--- Data in this exercise ---
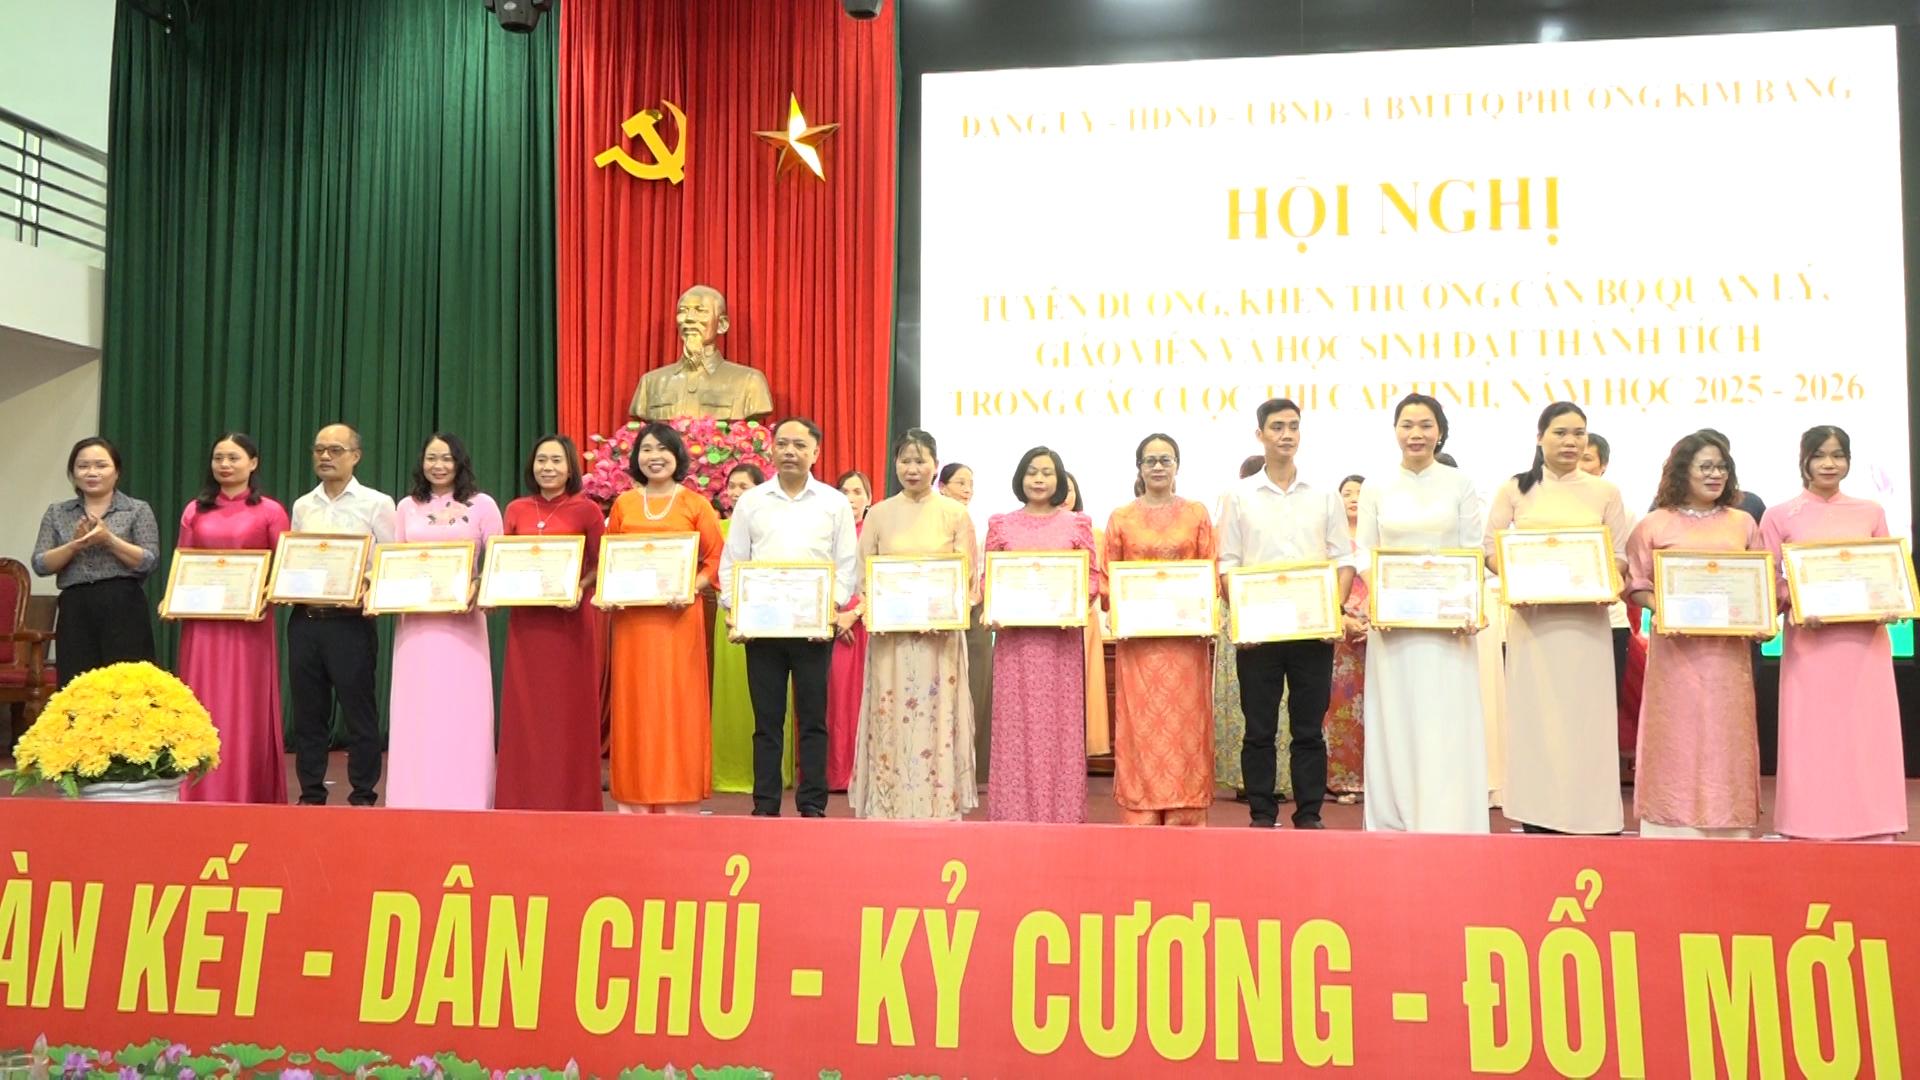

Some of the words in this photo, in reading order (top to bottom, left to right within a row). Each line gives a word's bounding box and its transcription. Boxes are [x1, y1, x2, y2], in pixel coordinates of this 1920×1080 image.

[1673, 79, 1744, 109] KIM
[1226, 177, 1350, 255] HỘI
[1378, 175, 1559, 247] NGHỊ
[1694, 374, 1764, 405] 2025
[1794, 370, 1866, 404] 2026
[117, 843, 283, 1017] KẾT
[302, 950, 333, 977] -
[358, 864, 549, 1030] DÂN
[574, 853, 761, 1041] CHỦ
[790, 968, 823, 997] -
[855, 859, 981, 1049] KỶ
[1011, 900, 1355, 1067] CƯƠNG
[1391, 992, 1428, 1022] -
[1462, 868, 1647, 1080] ĐỔI
[1679, 903, 1903, 1080] MỚI
---
Work to complete
The task requires the full listing to be given again verbatim, without its pictures.

Solution
Some of the words in this photo, in reading order (top to bottom, left to right within a row). Each line gives a word's bounding box and its transcription. Boxes are [x1, y1, x2, y2], in pixel coordinates of this 1920×1080 image.

[1673, 79, 1744, 109] KIM
[1226, 177, 1350, 255] HỘI
[1378, 175, 1559, 247] NGHỊ
[1694, 374, 1764, 405] 2025
[1794, 370, 1866, 404] 2026
[117, 843, 283, 1017] KẾT
[302, 950, 333, 977] -
[358, 864, 549, 1030] DÂN
[574, 853, 761, 1041] CHỦ
[790, 968, 823, 997] -
[855, 859, 981, 1049] KỶ
[1011, 900, 1355, 1067] CƯƠNG
[1391, 992, 1428, 1022] -
[1462, 868, 1647, 1080] ĐỔI
[1679, 903, 1903, 1080] MỚI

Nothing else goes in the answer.